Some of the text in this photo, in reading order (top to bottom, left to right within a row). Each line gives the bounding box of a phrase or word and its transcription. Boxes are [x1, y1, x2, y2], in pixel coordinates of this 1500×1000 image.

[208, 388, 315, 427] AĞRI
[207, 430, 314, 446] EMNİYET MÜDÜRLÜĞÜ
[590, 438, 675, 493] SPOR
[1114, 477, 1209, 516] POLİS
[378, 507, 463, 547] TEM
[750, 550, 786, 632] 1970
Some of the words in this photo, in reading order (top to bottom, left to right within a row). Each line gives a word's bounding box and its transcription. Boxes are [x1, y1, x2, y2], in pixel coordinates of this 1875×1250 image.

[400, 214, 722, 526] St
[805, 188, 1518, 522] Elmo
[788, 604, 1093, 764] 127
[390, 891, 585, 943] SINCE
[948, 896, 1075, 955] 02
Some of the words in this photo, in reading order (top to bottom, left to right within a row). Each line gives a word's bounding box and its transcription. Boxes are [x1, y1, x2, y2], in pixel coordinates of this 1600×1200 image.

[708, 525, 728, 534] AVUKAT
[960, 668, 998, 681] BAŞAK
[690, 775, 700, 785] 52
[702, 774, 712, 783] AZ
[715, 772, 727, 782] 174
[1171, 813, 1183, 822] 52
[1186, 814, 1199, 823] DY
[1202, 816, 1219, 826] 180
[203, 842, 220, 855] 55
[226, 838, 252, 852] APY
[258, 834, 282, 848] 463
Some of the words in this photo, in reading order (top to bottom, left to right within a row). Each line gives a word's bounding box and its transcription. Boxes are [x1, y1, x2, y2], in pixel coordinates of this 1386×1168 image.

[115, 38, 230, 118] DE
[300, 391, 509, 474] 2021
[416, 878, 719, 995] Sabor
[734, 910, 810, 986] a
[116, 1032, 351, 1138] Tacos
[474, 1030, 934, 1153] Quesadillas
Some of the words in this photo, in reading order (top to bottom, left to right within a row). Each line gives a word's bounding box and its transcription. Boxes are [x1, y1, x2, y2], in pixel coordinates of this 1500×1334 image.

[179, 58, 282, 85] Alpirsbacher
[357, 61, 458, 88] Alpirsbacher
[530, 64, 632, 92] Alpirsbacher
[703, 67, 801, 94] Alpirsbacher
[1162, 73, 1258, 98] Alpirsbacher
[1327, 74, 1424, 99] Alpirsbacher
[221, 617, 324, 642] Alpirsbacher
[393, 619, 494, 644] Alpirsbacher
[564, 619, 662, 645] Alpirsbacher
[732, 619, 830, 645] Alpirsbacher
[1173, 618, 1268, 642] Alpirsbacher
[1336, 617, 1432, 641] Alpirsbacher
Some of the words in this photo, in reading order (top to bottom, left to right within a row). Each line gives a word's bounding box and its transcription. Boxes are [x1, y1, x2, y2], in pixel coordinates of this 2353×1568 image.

Problem requirements:
For the entries above, transcribe precisely the lines from the one with "this 1386×1168 image." through the end, including both.

Solution below:
Some of the words in this photo, in reading order (top to bottom, left to right within a row). Each line gives a word's bounding box and its transcription. Boxes are [x1, y1, x2, y2], in pixel coordinates of this 1386×1168 image.

[115, 38, 230, 118] DE
[300, 391, 509, 474] 2021
[416, 878, 719, 995] Sabor
[734, 910, 810, 986] a
[116, 1032, 351, 1138] Tacos
[474, 1030, 934, 1153] Quesadillas
Some of the words in this photo, in reading order (top to bottom, left to right within a row). Each line gives a word's bounding box and its transcription. Boxes are [x1, y1, x2, y2], in pixel coordinates of this 1500×1334 image.

[179, 58, 282, 85] Alpirsbacher
[357, 61, 458, 88] Alpirsbacher
[530, 64, 632, 92] Alpirsbacher
[703, 67, 801, 94] Alpirsbacher
[1162, 73, 1258, 98] Alpirsbacher
[1327, 74, 1424, 99] Alpirsbacher
[221, 617, 324, 642] Alpirsbacher
[393, 619, 494, 644] Alpirsbacher
[564, 619, 662, 645] Alpirsbacher
[732, 619, 830, 645] Alpirsbacher
[1173, 618, 1268, 642] Alpirsbacher
[1336, 617, 1432, 641] Alpirsbacher
Some of the words in this photo, in reading order (top to bottom, left to right within a row). Each line gives a word's bounding box and its transcription. Boxes are [x1, y1, x2, y2], in pixel coordinates of this 2353×1568 image.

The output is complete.